# Work instruction:
Pictures aside, restate the records below exactly as written.

# Free-text object descriptions:
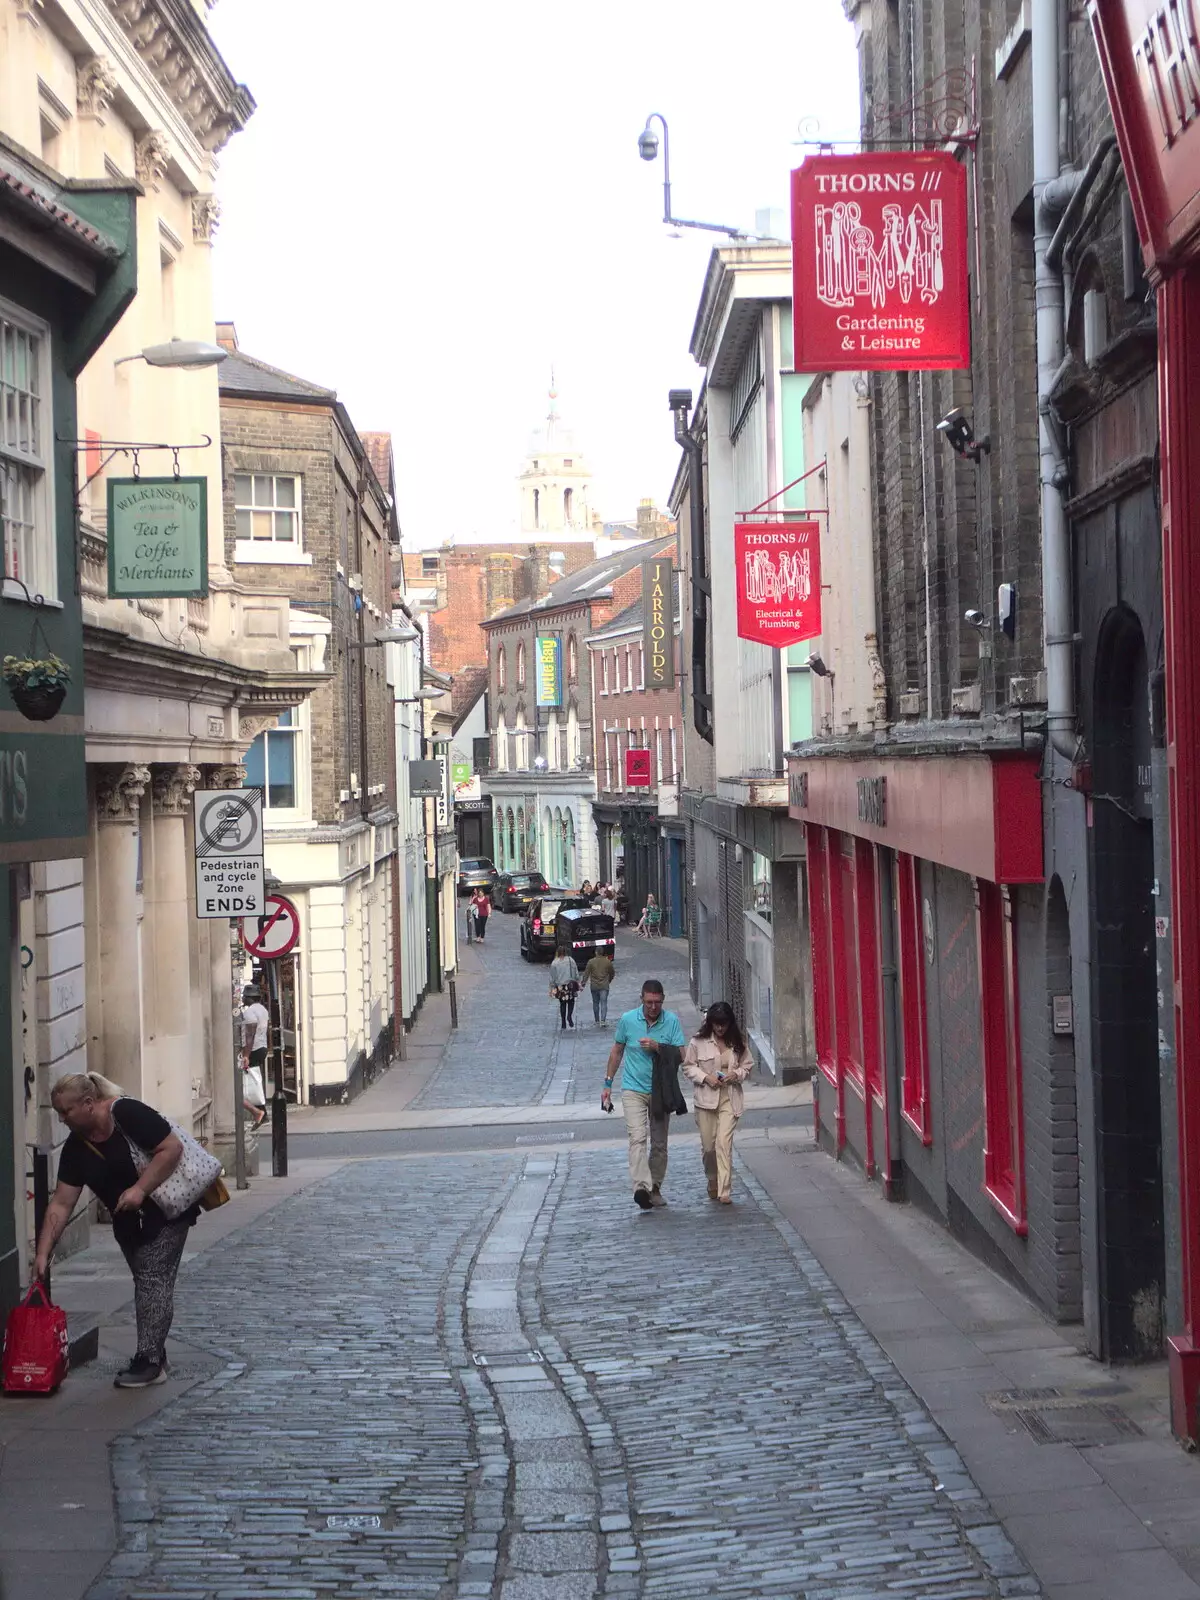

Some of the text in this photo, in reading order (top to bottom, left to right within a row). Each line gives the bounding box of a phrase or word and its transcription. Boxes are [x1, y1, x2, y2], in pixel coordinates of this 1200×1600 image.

[814, 172, 916, 193] THORNS
[836, 314, 925, 333] Gardening
[841, 335, 922, 351] & Leisure
[116, 487, 198, 512] WILKINSON'S
[134, 522, 180, 536] Tea &
[745, 533, 796, 545] THORNS
[135, 541, 180, 562] Coffee
[119, 564, 195, 581] Merchants
[756, 609, 794, 619] Electrical
[651, 564, 666, 682] JARROLDS
[759, 619, 801, 630] Plumbing
[464, 802, 484, 810] SCOTT
[200, 860, 260, 871] Pedestrian
[204, 871, 257, 883] and cycle
[217, 884, 244, 893] Zone
[206, 898, 256, 912] ENDS

# Reply:
Some of the text in this photo, in reading order (top to bottom, left to right within a row). Each line gives the bounding box of a phrase or word and its transcription. Boxes are [x1, y1, x2, y2], in pixel coordinates of this 1200×1600 image.

[814, 172, 916, 193] THORNS
[836, 314, 925, 333] Gardening
[841, 335, 922, 351] & Leisure
[116, 487, 198, 512] WILKINSON'S
[134, 522, 180, 536] Tea &
[745, 533, 796, 545] THORNS
[135, 541, 180, 562] Coffee
[119, 564, 195, 581] Merchants
[756, 609, 794, 619] Electrical
[651, 564, 666, 682] JARROLDS
[759, 619, 801, 630] Plumbing
[464, 802, 484, 810] SCOTT
[200, 860, 260, 871] Pedestrian
[204, 871, 257, 883] and cycle
[217, 884, 244, 893] Zone
[206, 898, 256, 912] ENDS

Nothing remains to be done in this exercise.